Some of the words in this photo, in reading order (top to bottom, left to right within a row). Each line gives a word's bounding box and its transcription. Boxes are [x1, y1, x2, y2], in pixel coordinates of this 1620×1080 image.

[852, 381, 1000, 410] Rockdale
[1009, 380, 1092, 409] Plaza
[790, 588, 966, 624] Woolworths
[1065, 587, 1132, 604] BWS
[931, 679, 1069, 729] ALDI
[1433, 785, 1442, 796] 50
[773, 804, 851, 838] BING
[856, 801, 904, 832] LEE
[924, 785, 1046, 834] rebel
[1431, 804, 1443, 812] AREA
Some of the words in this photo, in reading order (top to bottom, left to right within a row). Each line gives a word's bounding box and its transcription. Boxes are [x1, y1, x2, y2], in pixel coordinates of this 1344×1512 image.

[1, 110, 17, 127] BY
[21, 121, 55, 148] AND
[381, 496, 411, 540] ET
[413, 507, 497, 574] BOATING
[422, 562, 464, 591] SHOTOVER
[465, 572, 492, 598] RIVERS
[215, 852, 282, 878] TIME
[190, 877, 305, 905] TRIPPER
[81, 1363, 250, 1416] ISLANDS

□ □ □ □ □ □ □

- _Problem details_
Please restate the material above exactly, line by line.

- _Response_
Some of the words in this photo, in reading order (top to bottom, left to right within a row). Each line gives a word's bounding box and its transcription. Boxes are [x1, y1, x2, y2], in pixel coordinates of this 1620×1080 image.

[852, 381, 1000, 410] Rockdale
[1009, 380, 1092, 409] Plaza
[790, 588, 966, 624] Woolworths
[1065, 587, 1132, 604] BWS
[931, 679, 1069, 729] ALDI
[1433, 785, 1442, 796] 50
[773, 804, 851, 838] BING
[856, 801, 904, 832] LEE
[924, 785, 1046, 834] rebel
[1431, 804, 1443, 812] AREA
Some of the words in this photo, in reading order (top to bottom, left to right within a row). Each line gives a word's bounding box and its transcription. Boxes are [x1, y1, x2, y2], in pixel coordinates of this 1344×1512 image.

[1, 110, 17, 127] BY
[21, 121, 55, 148] AND
[381, 496, 411, 540] ET
[413, 507, 497, 574] BOATING
[422, 562, 464, 591] SHOTOVER
[465, 572, 492, 598] RIVERS
[215, 852, 282, 878] TIME
[190, 877, 305, 905] TRIPPER
[81, 1363, 250, 1416] ISLANDS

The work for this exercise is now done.